The organisation Fridays for Future called for the strikes to restart as part of the day of action.
Fridays for Future was behind the school strikes which started last year, but they ended once schools closed because of the coronavirus pandemic.
However, with many children now back in the classroom, it has restarted the strikes to highlight the threat of climate change.
Because the coronavirus pandemic is still with us, marches can't take place so this year there are digital marches that people can take part in instead.
Fridays for Future is asking people to post photos on social media, use hashtags and register strikes and share the live stream link as well as protest online.
Climate activists have had to find new ways to protest and use digital activism to demand climate change because of the coronavirus pandemic.
The rules around gatherings in the UK are much more complicated than with the 2019 school strikes, because of coronavirus and measures like the 'rule of six'.
Protests have to be properly organised and strict social distancing has to be followed otherwise the gathering is illegal.
There are legal restrictions in England, Wales, Scotland and Northern Ireland about the numbers of people who can meet up outside.
Fridays for Future said the coming months and years are really important to keep the global average temperature rise below 1.5 degrees. By keeping to this target it could reduce the risk of causing irreversible damage.
It is vital that the climate crisis doesn't get forgotten in the shadow of the coronavirus but is regarded as the utmost priority. Fridays For Future will keep protesting as long as exploitation of nature is allowed to continue.
School strikes mean children could miss a day of school. The Department for Education said: "We share the passion young people have for tackling climate change and we want them to be engaged with such an important issue but we do not condone pupils missing out on education as a consequence."
Climate campaigner Greta Thunberg announced earlier this week on her social media that the strikes would be restarting. Greta said the strikes would be held "in over 2500 places around the world and counting!"
She also shared a map showing all of the different locations where events would be taking place.
Meanwhile, a song has been released which is being described as a new anthem for young people wanting the government to take action against climate change.
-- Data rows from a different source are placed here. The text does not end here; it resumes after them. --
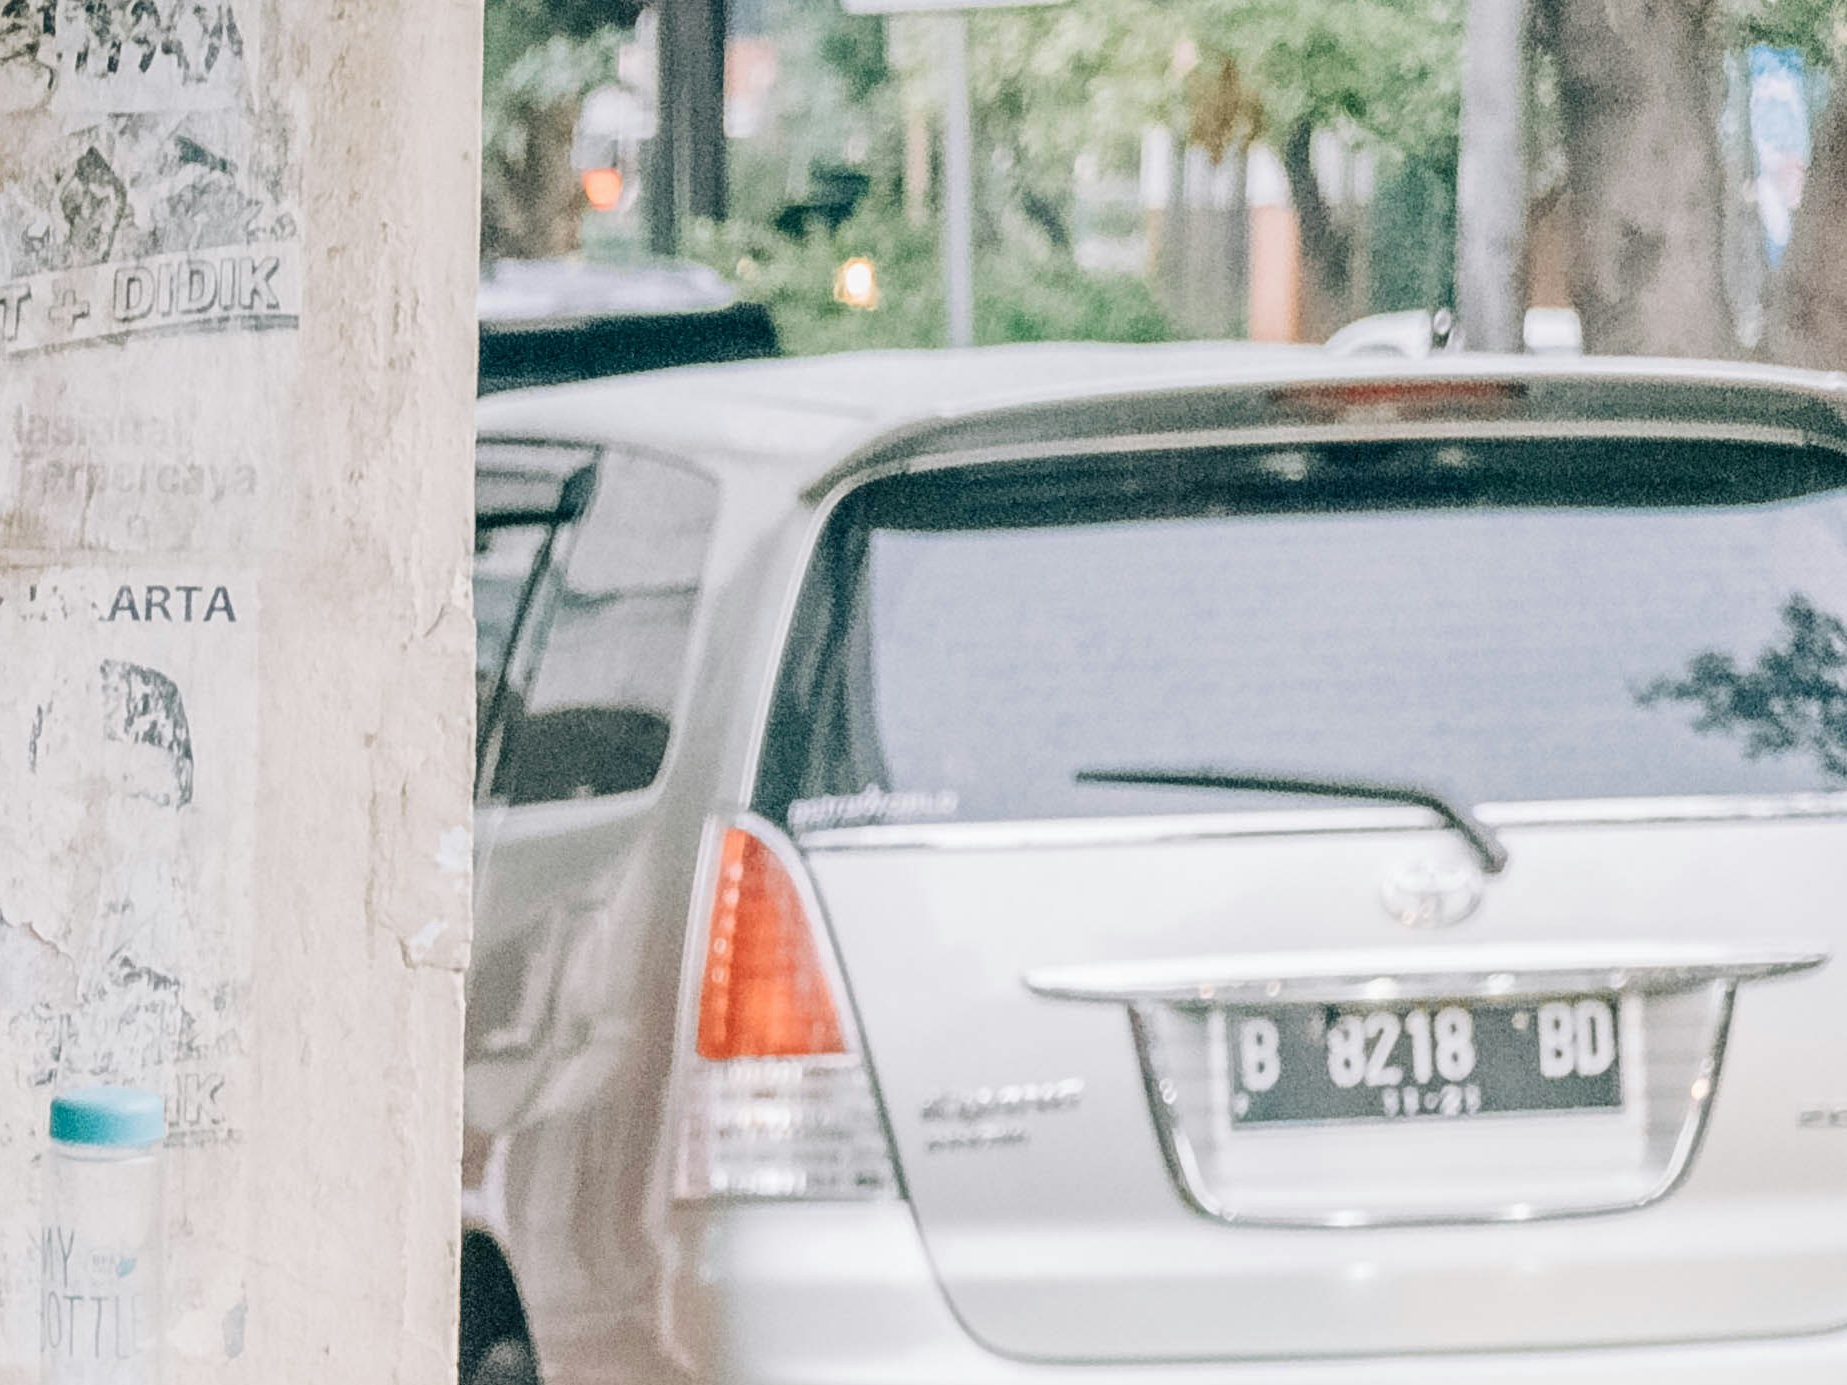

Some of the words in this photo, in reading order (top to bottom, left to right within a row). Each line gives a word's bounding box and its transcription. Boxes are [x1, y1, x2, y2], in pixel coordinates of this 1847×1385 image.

[113, 256, 281, 321] DIDIK
[22, 585, 237, 622] ARTA
[1241, 1018, 1281, 1091] B
[1327, 1007, 1476, 1088] 8218
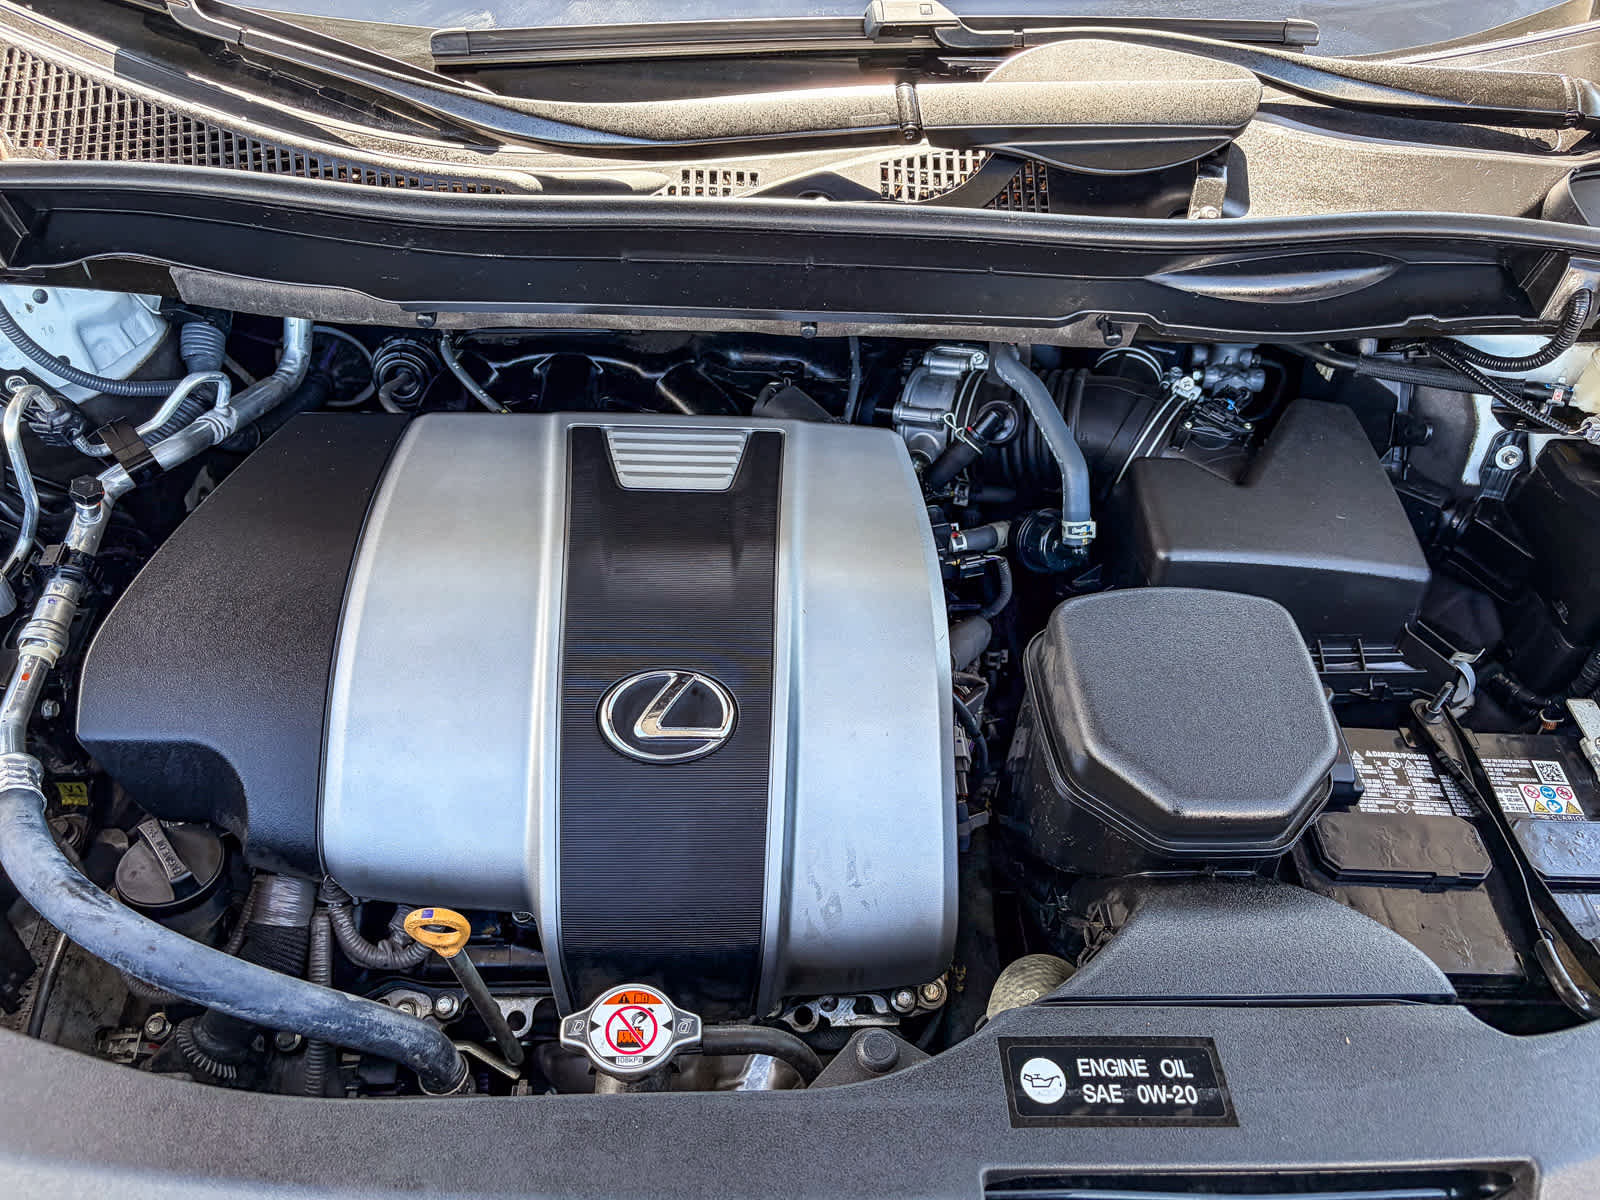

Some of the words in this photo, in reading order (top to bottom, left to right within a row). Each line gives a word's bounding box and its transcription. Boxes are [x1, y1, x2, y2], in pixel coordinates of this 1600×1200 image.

[1076, 1058, 1149, 1077] ENGINE
[1160, 1059, 1194, 1079] OIL
[1082, 1084, 1124, 1104] SAE
[1137, 1084, 1198, 1104] 0W-20
The song was co-written by Bafta-winning songwriter Ellie Wyatt, who writes for CBeebies programme Tee and Mo.
The song was made with young climate strikers from around the world, including Fridays for Future.
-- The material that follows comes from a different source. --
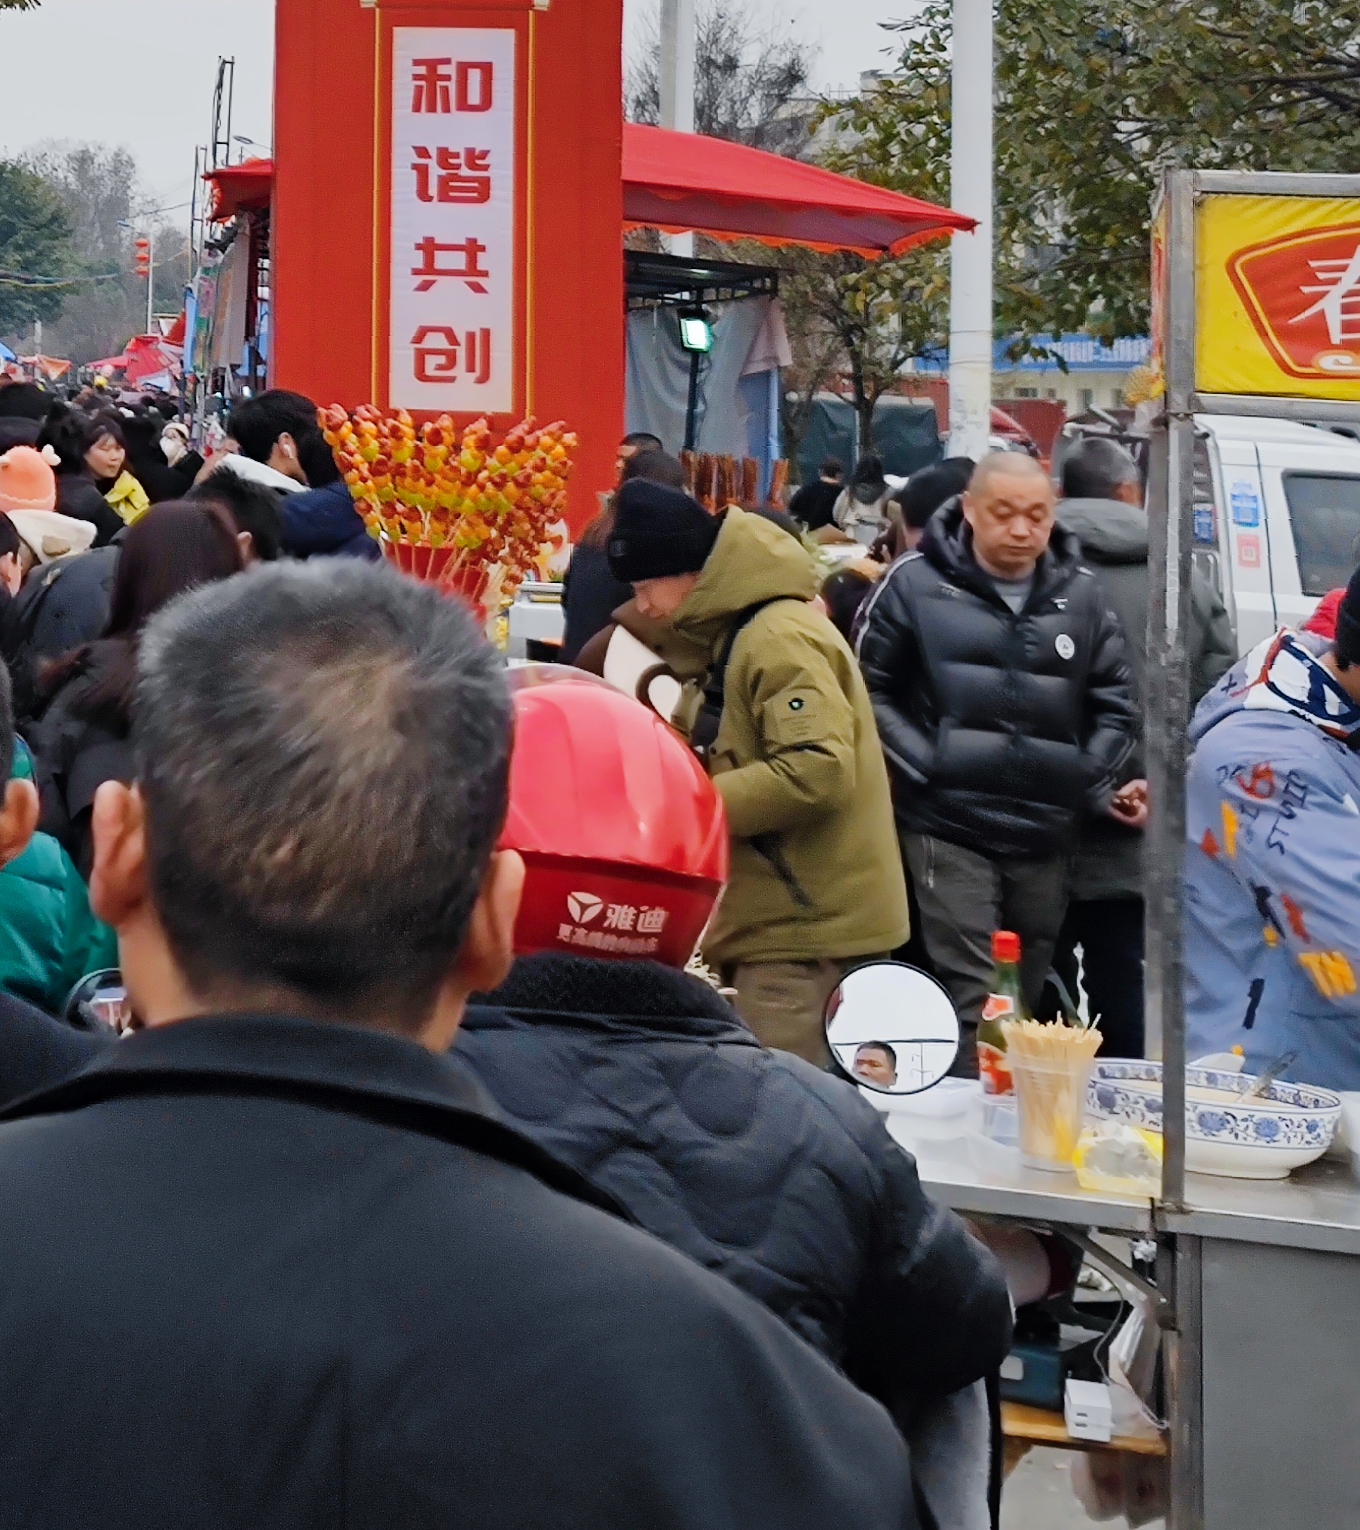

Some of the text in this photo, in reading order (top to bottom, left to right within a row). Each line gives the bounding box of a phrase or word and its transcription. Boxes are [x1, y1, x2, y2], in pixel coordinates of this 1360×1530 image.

[411, 57, 493, 384] 和谐共创
[603, 903, 669, 933] 雅迪
Lauren, aged 16, who is in the music video said: "Climate action is something I've been doing since I was seven, and yet, at sixteen I'm still out on the streets begging for change. I joined the youth climate strikes in Brighton from the start, but made it clear to my school that, like Greta Thunberg, I would continue working hard at achieving good grades, even if I was striking."
Prime Minister Boris Johnson gave a speech to the United Nations Climate Action Roundtable on Thursday 24 September and asked world leaders to make commitments to cut the amount of greenhouse gases being released into the atmosphere.
He said we should "look ahead to how we will rebuild, and how we can seize the opportunity to build back better.
"Let us be the leaders who secure the very health of the planet for our children, grandchildren and generations to come."